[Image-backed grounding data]
== == ==
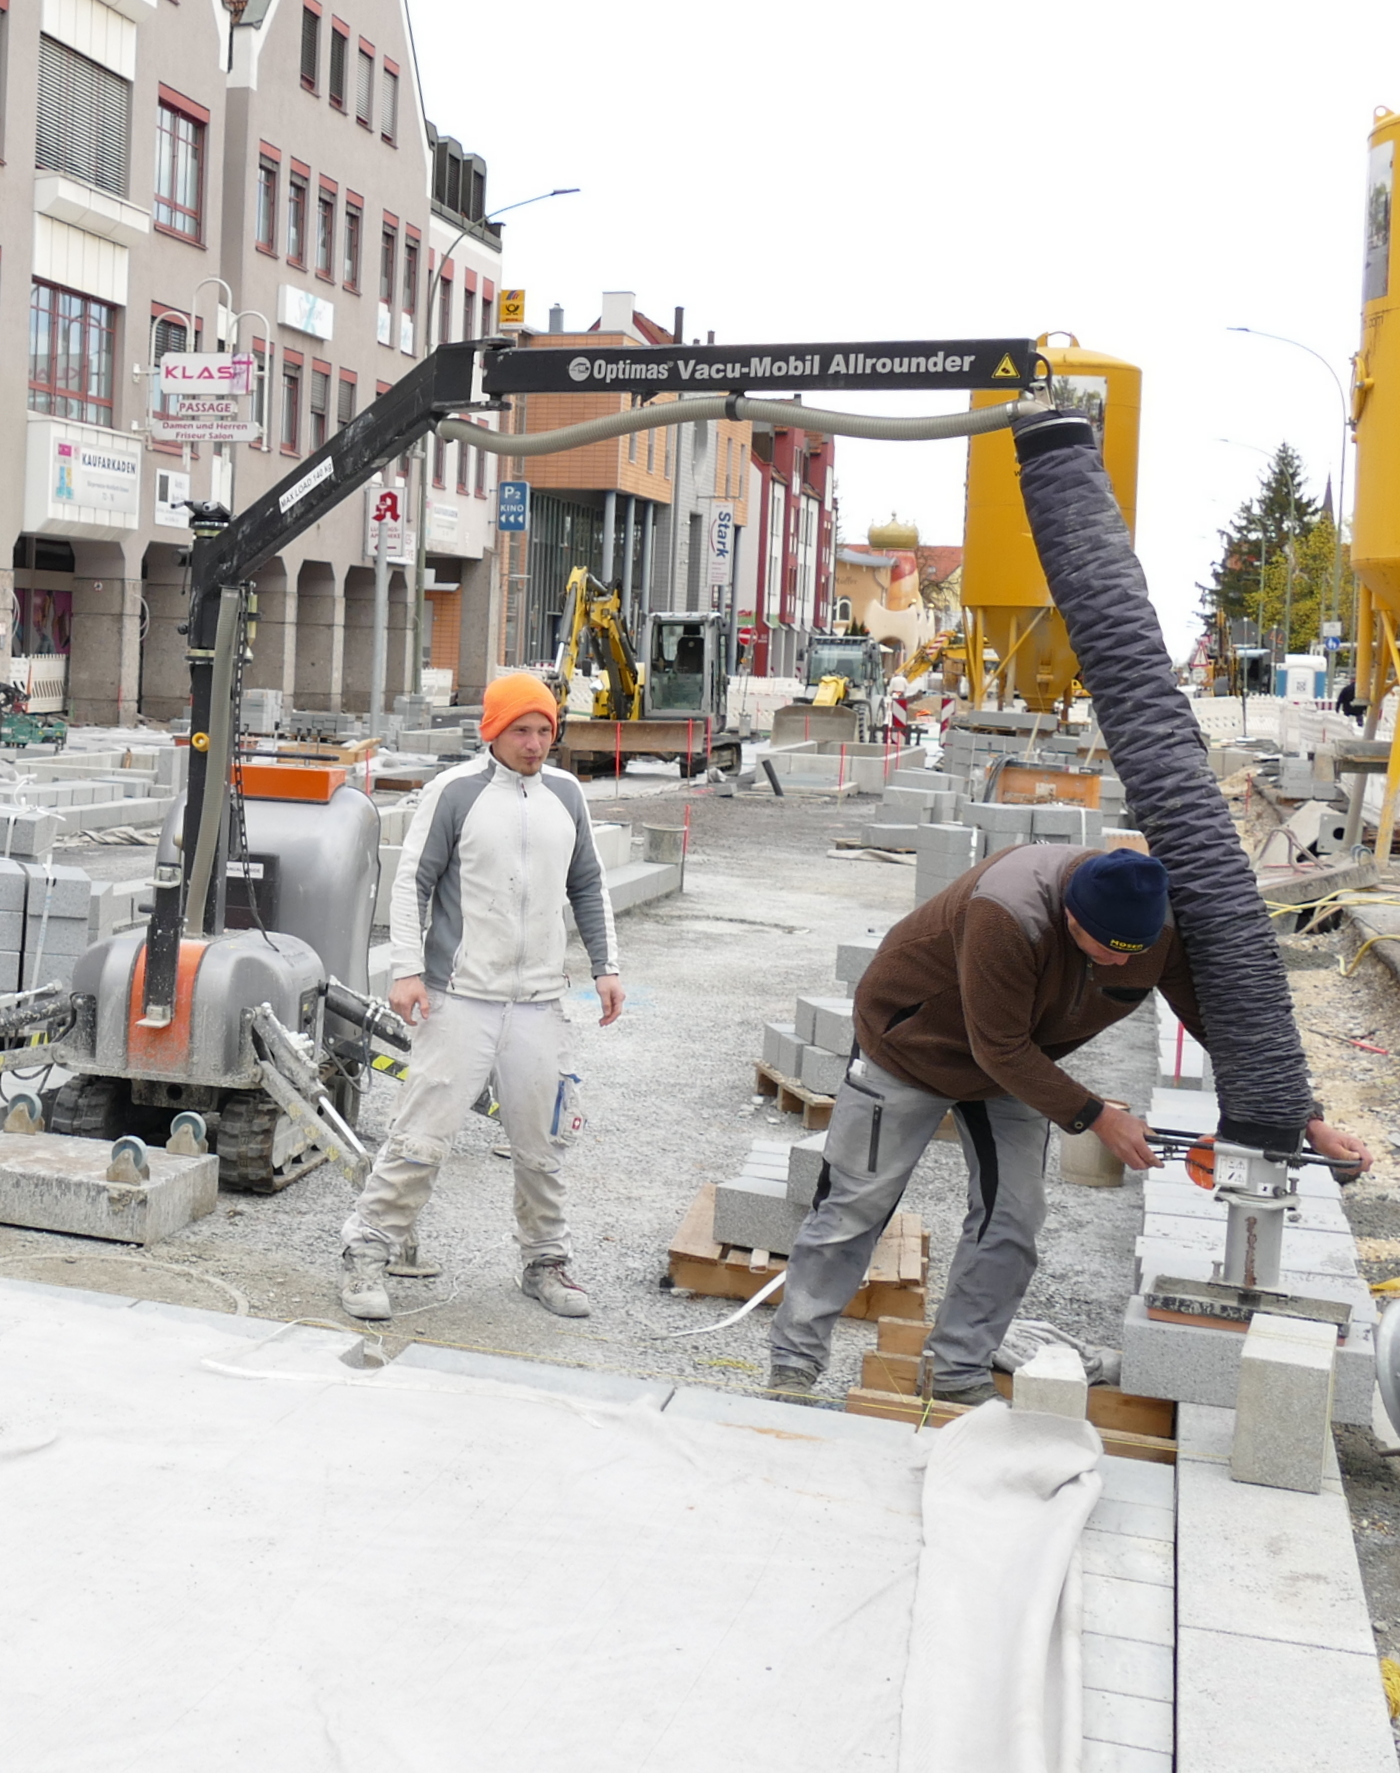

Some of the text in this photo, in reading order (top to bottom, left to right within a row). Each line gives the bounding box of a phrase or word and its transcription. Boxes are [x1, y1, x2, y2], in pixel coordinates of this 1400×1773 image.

[592, 351, 976, 383] Optimas Vacu-Mobil Allrounder
[179, 402, 232, 413] PASSAGE
[162, 421, 248, 430] Damen und Herren
[175, 431, 234, 440] Friseur Salon
[81, 452, 136, 475] KAUFARKADEN
[280, 493, 295, 508] MAX
[294, 478, 312, 497] LOAD
[500, 504, 525, 513] KINO
[716, 510, 732, 559] Stark
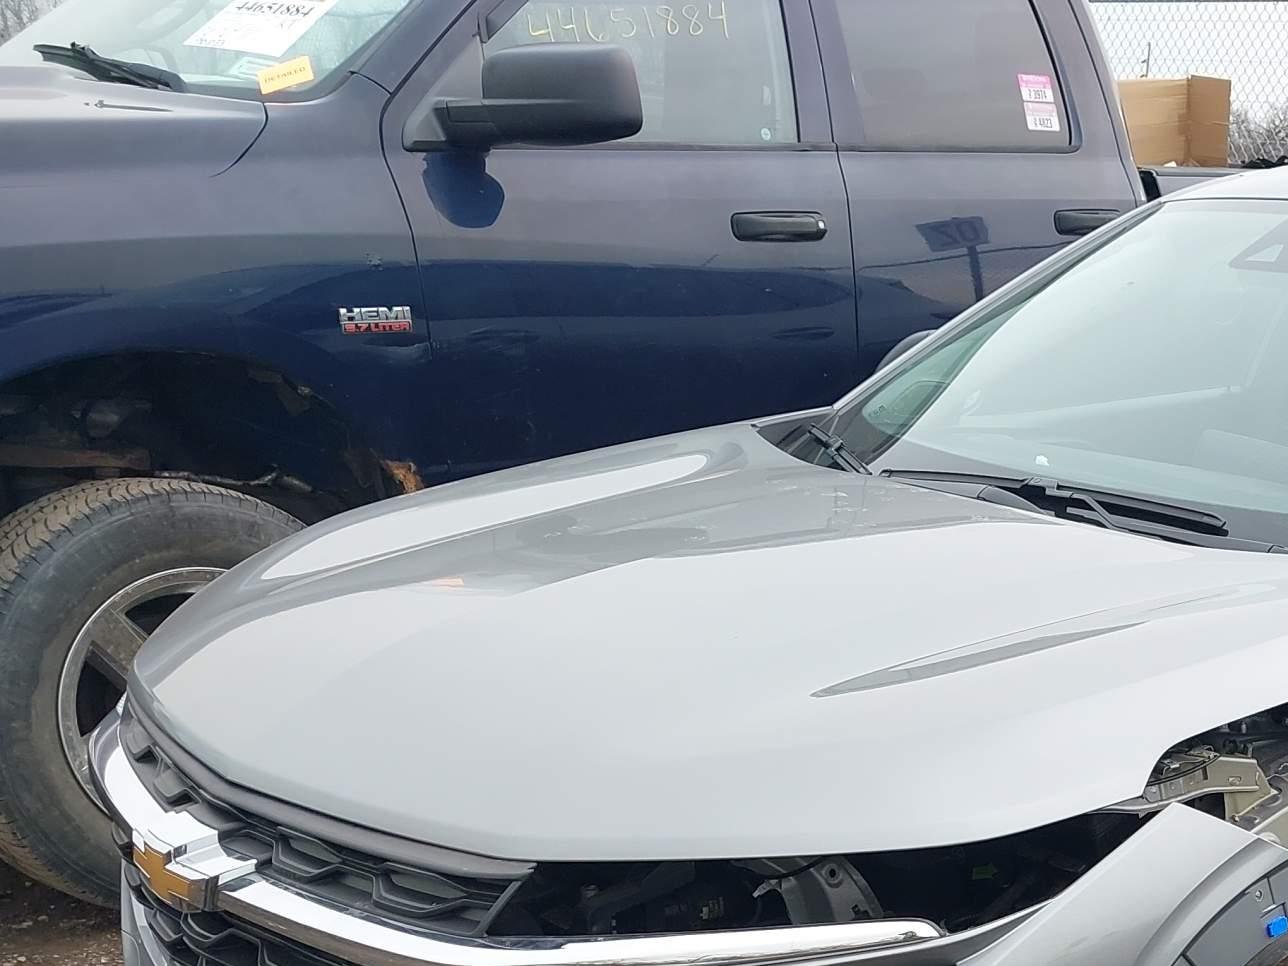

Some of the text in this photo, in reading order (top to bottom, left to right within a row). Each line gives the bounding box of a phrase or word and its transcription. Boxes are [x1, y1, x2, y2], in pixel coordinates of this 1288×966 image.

[236, 1, 316, 17] 44651884
[527, 0, 729, 43] 44651884
[339, 306, 410, 321] HEMI
[370, 322, 410, 332] LITER
== == ==
Problem to solve:
Exactly as they stand, the entries must be written out again, pictures excluded.

Output of the task:
Some of the text in this photo, in reading order (top to bottom, left to right within a row). Each line gives the bounding box of a phrase or word and its transcription. Boxes are [x1, y1, x2, y2], in pixel coordinates of this 1400×1773 image.

[592, 351, 976, 383] Optimas Vacu-Mobil Allrounder
[179, 402, 232, 413] PASSAGE
[162, 421, 248, 430] Damen und Herren
[175, 431, 234, 440] Friseur Salon
[81, 452, 136, 475] KAUFARKADEN
[280, 493, 295, 508] MAX
[294, 478, 312, 497] LOAD
[500, 504, 525, 513] KINO
[716, 510, 732, 559] Stark

Some of the text in this photo, in reading order (top to bottom, left to right within a row). Each line gives the bounding box of a phrase or word and its transcription. Boxes are [x1, y1, x2, y2], in pixel coordinates of this 1288×966 image.

[236, 1, 316, 17] 44651884
[527, 0, 729, 43] 44651884
[339, 306, 410, 321] HEMI
[370, 322, 410, 332] LITER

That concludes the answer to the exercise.